A less than 0.1% of breast lesions can show an ill-defined mass on mammogram in females aged between 30-90 years mimicking carcinoma.1, 2 Even on histological examination the lesion can show haphazardly arranged small glands lined only by epithelial cells lacking myoepithelial cells. One must be very cautious and be aware of an entity which some consider as benign and others as borderline. The entity which lacks myoepithelial layer and can infiltrate into surrounding adipose tissue of breast is Microglandular adenosis.3, 1 An interesting fact is that these lesions will be negative for estrogen, progesterone and HER2 but the epithelial cells lining the ducts show strong positivity for S-100.4, 5 The molecular studies show that acquisition of P53 mutation in microgladular adenosis can lead to triple negative breast carcinoma due to increased genetic instability.6 The microgladular adenosis can transform to atypical microgladular adenosis and later progress to triple negative carcinoma.7 The diagnosis of atypical microglandular hyperplasia is made on histology. The presence of architectural complexity and cytologic atypia, in the form of irregular, closely packed or fused glands with cribriform areas. Sometimes glands with multilayered epithelium with mitoses, and apoptosis may also be seen. The immunohistochemical staining for S-100 will be retained. The diagnosis of microglandular adenosis with associated invasive carcinoma is made on the basis of infiltrative growth and dense desmoplastic response with severe cytologic atypia. The benign areas of the tumor will show strong positivity for S-100 whereas invasive areas will have patchy positivity for S-100 immunohistochemical stain.1, 8 Both benign and malignant tumors of breast can be the differential diagnosis of microglandular adenosis.

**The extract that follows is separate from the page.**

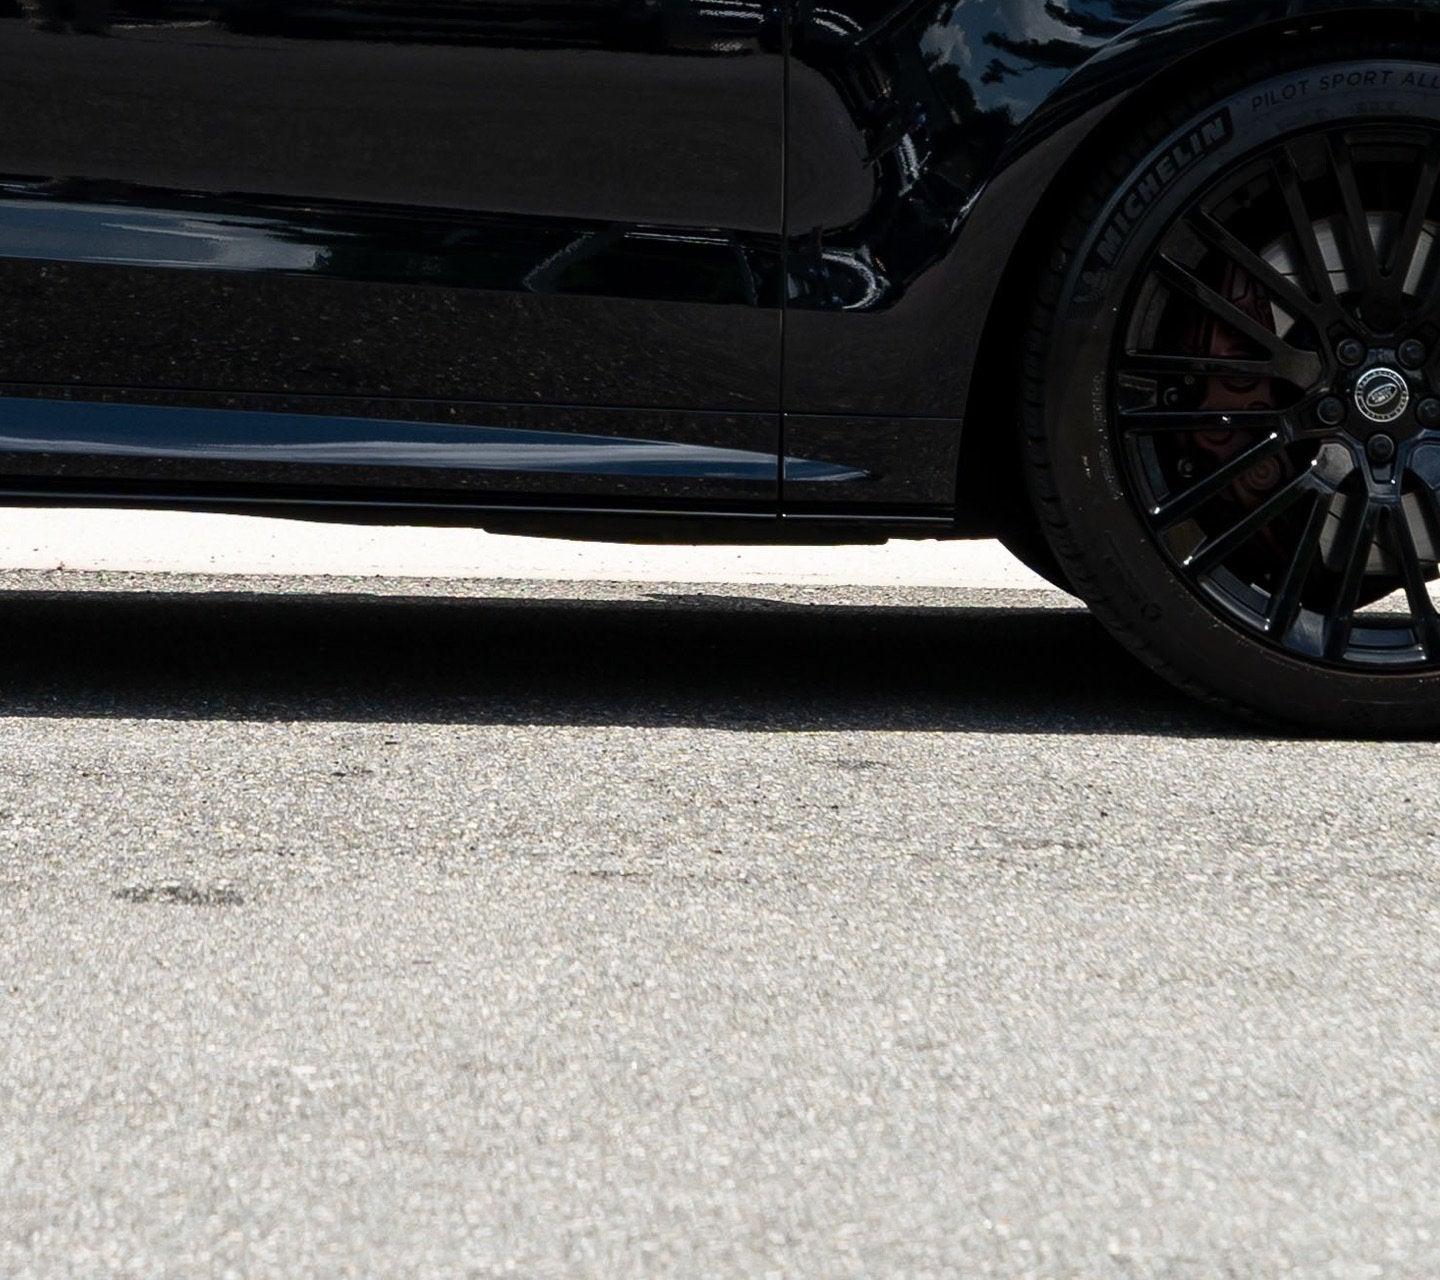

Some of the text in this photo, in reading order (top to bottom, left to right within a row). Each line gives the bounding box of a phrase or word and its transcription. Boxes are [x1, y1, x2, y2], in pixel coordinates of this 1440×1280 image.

[1251, 79, 1309, 111] PILOT
[1319, 70, 1393, 91] SPORT
[1095, 116, 1226, 266] MICHELIN

The microglandular adenosis should be differentiated from sclerosis adenosis. The typica; feature of micrglandular adenosis is small ducts filled with eosinophilic secretions which are periodic acid–Schiff stain with or without diastase. The immunohistochemical stain for S-100 helps in differentiating microglandular adenosis from tubular carcinoma, invasive ductal carcinoma.
I conclude that any breast lesion with haphazardly arranged small ducts lined by single layer of epithelium filled with secretions and infiltrating the adipose tissue do not lead to the diagnosis of malignant tumor in breast. The immunohistochemical stain should include S-100 along with Estrogen (ER), Progestrone (PR) and HER2. The strong diffuse positivity for S-100 and negative ER, PR and HER2 is seen in microglandular adenosis.